• [WHAT TO DO]: Your answer must be the data repeated exactly, with no pictures in it.
Start of MATERIAL FOR THE TASK
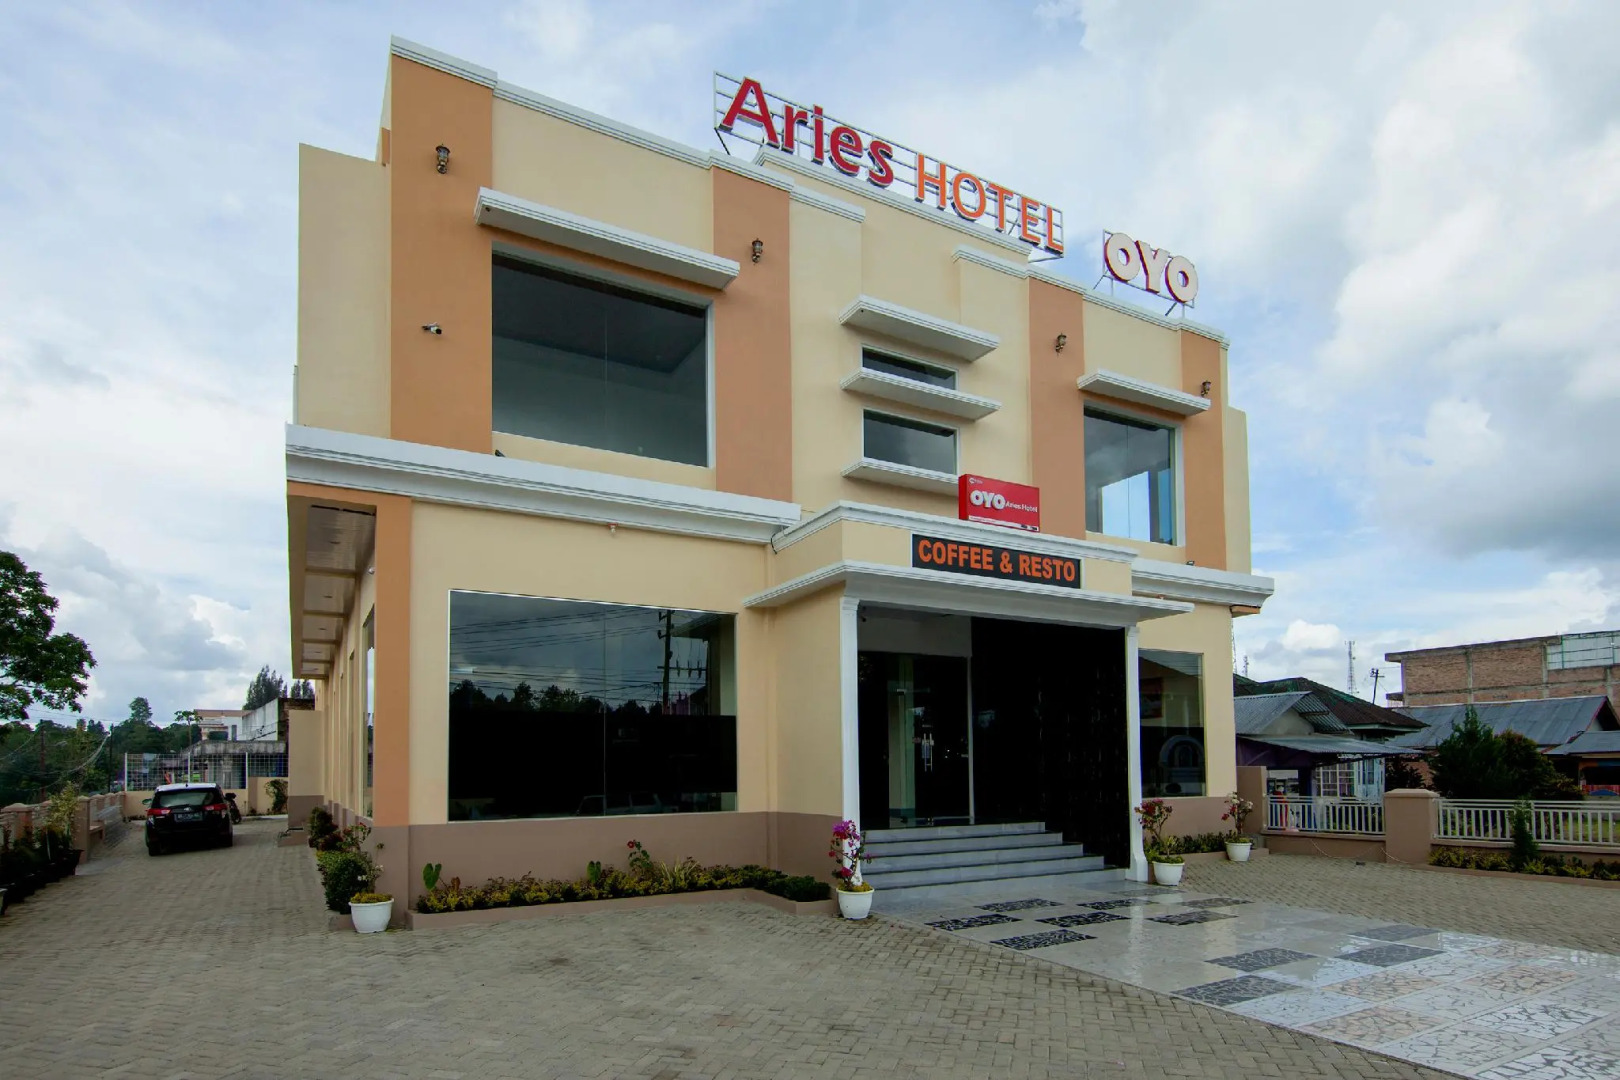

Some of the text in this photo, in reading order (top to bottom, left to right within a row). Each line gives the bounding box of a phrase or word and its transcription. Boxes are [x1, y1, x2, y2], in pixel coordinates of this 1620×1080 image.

[719, 77, 1064, 254] Aries HOTEL
[1104, 232, 1199, 304] OYO
[970, 489, 1006, 510] OYO
[918, 539, 1076, 583] COFFEE & RESTO
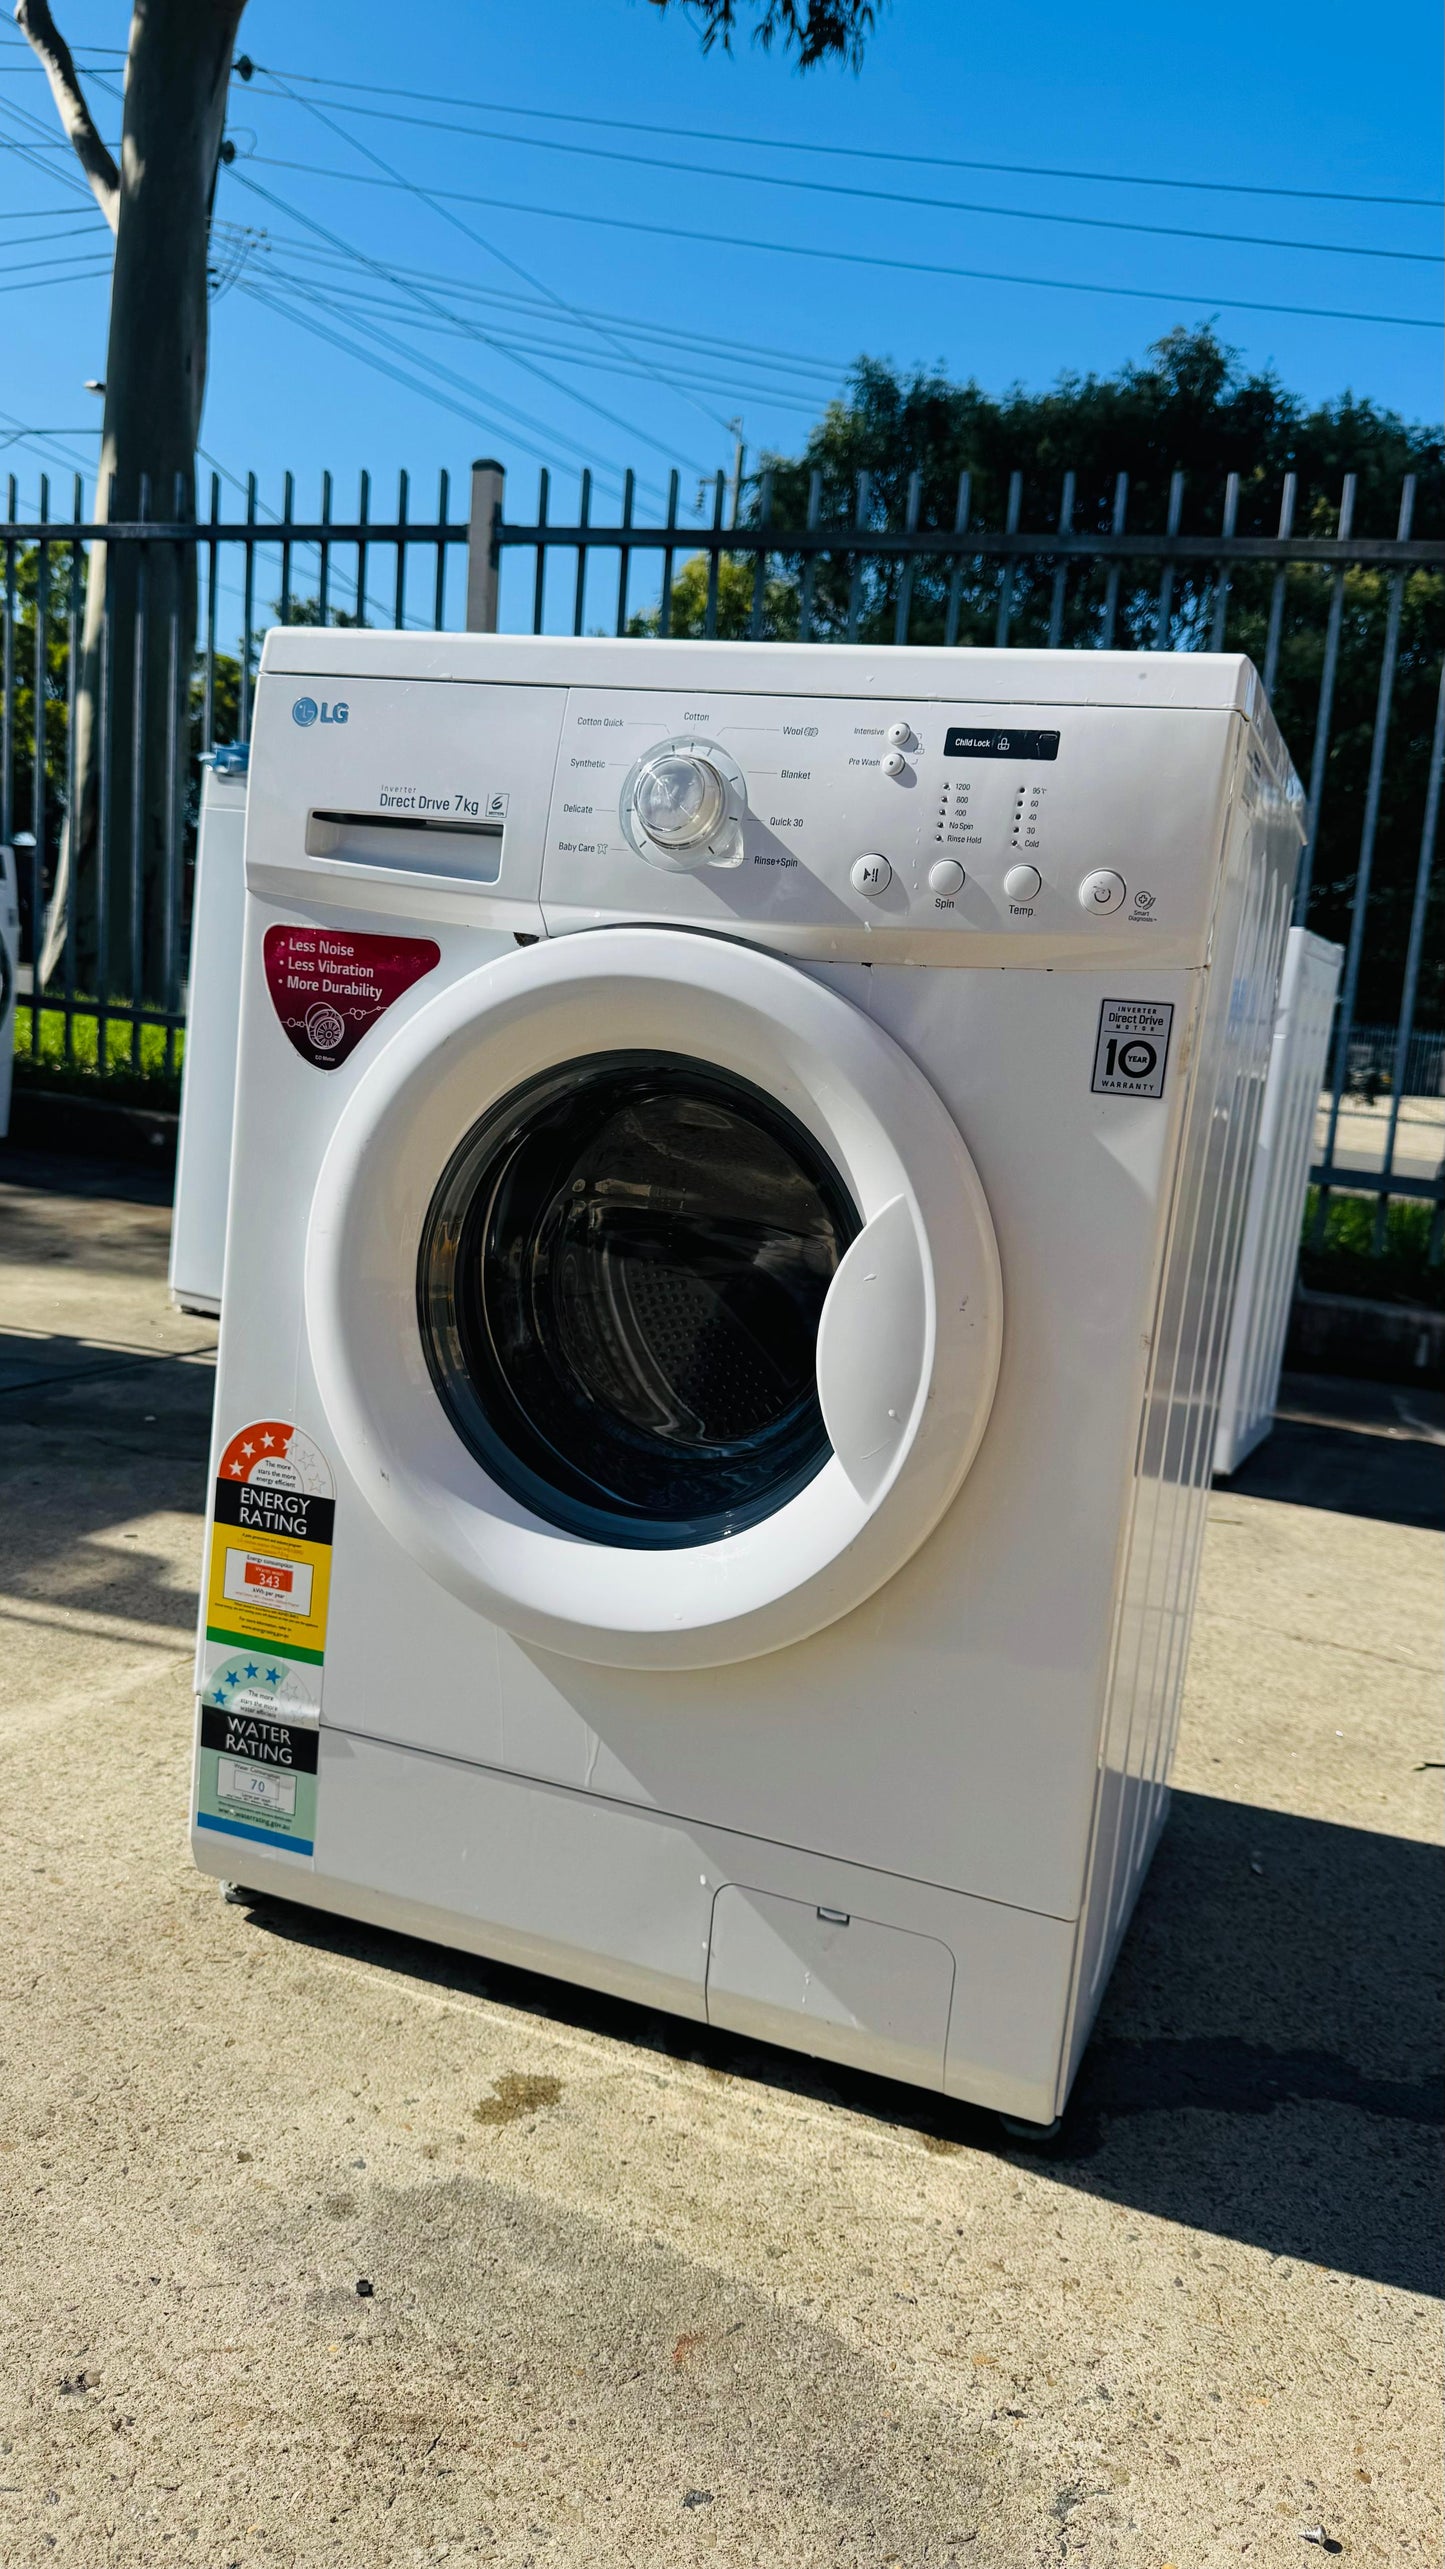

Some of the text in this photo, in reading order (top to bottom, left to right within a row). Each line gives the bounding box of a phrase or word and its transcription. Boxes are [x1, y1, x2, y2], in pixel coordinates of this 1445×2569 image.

[577, 717, 624, 728] Cotton Quick
[684, 712, 709, 722] Cotton
[782, 726, 803, 736] Wool
[854, 727, 885, 736] Intensive
[955, 738, 990, 747] Child Lock
[570, 758, 606, 769] Synthetic
[848, 758, 880, 766] Pre Wash
[781, 769, 811, 780] Blanket
[381, 784, 417, 794] Inverter
[955, 783, 971, 791] 1200
[380, 793, 415, 809] Direct
[419, 796, 450, 811] Drive
[1030, 800, 1039, 808] 60
[563, 804, 593, 814] Delicate
[769, 817, 804, 828] Quick 30
[1028, 813, 1037, 821] 40
[959, 822, 974, 831] Spin
[1026, 827, 1036, 835] 30
[966, 836, 982, 844] Hold
[558, 842, 595, 853] Baby Care
[754, 855, 799, 868] Rinse+Spin
[934, 898, 955, 910] Spin
[288, 938, 354, 956] Less Noise
[288, 956, 374, 978] Less Vibration
[287, 975, 383, 1001] More Durability
[1117, 1006, 1157, 1014] INVERTER
[1108, 1012, 1164, 1026] Direct Drive
[1106, 1038, 1157, 1079] 10
[1128, 1055, 1148, 1063] YEAR
[1101, 1080, 1155, 1091] WARRANTY
[265, 1460, 275, 1468] The
[256, 1476, 273, 1485] energy
[240, 1487, 311, 1515] ENERGY
[240, 1506, 307, 1535] RATING
[259, 1573, 280, 1588] 343
[248, 1689, 258, 1697] The
[227, 1716, 291, 1745] WATER
[225, 1734, 293, 1765] RATING
[251, 1779, 265, 1792] 70
End of MATERIAL FOR THE TASK
• [OUTPUT]:
Some of the text in this photo, in reading order (top to bottom, left to right within a row). Each line gives the bounding box of a phrase or word and its transcription. Boxes are [x1, y1, x2, y2], in pixel coordinates of this 1620×1080 image.

[719, 77, 1064, 254] Aries HOTEL
[1104, 232, 1199, 304] OYO
[970, 489, 1006, 510] OYO
[918, 539, 1076, 583] COFFEE & RESTO

Some of the text in this photo, in reading order (top to bottom, left to right within a row). Each line gives the bounding box of a phrase or word and its transcription. Boxes are [x1, y1, x2, y2], in pixel coordinates of this 1445×2569 image.

[577, 717, 624, 728] Cotton Quick
[684, 712, 709, 722] Cotton
[782, 726, 803, 736] Wool
[854, 727, 885, 736] Intensive
[955, 738, 990, 747] Child Lock
[570, 758, 606, 769] Synthetic
[848, 758, 880, 766] Pre Wash
[781, 769, 811, 780] Blanket
[381, 784, 417, 794] Inverter
[955, 783, 971, 791] 1200
[380, 793, 415, 809] Direct
[419, 796, 450, 811] Drive
[1030, 800, 1039, 808] 60
[563, 804, 593, 814] Delicate
[769, 817, 804, 828] Quick 30
[1028, 813, 1037, 821] 40
[959, 822, 974, 831] Spin
[1026, 827, 1036, 835] 30
[966, 836, 982, 844] Hold
[558, 842, 595, 853] Baby Care
[754, 855, 799, 868] Rinse+Spin
[934, 898, 955, 910] Spin
[288, 938, 354, 956] Less Noise
[288, 956, 374, 978] Less Vibration
[287, 975, 383, 1001] More Durability
[1117, 1006, 1157, 1014] INVERTER
[1108, 1012, 1164, 1026] Direct Drive
[1106, 1038, 1157, 1079] 10
[1128, 1055, 1148, 1063] YEAR
[1101, 1080, 1155, 1091] WARRANTY
[265, 1460, 275, 1468] The
[256, 1476, 273, 1485] energy
[240, 1487, 311, 1515] ENERGY
[240, 1506, 307, 1535] RATING
[259, 1573, 280, 1588] 343
[248, 1689, 258, 1697] The
[227, 1716, 291, 1745] WATER
[225, 1734, 293, 1765] RATING
[251, 1779, 265, 1792] 70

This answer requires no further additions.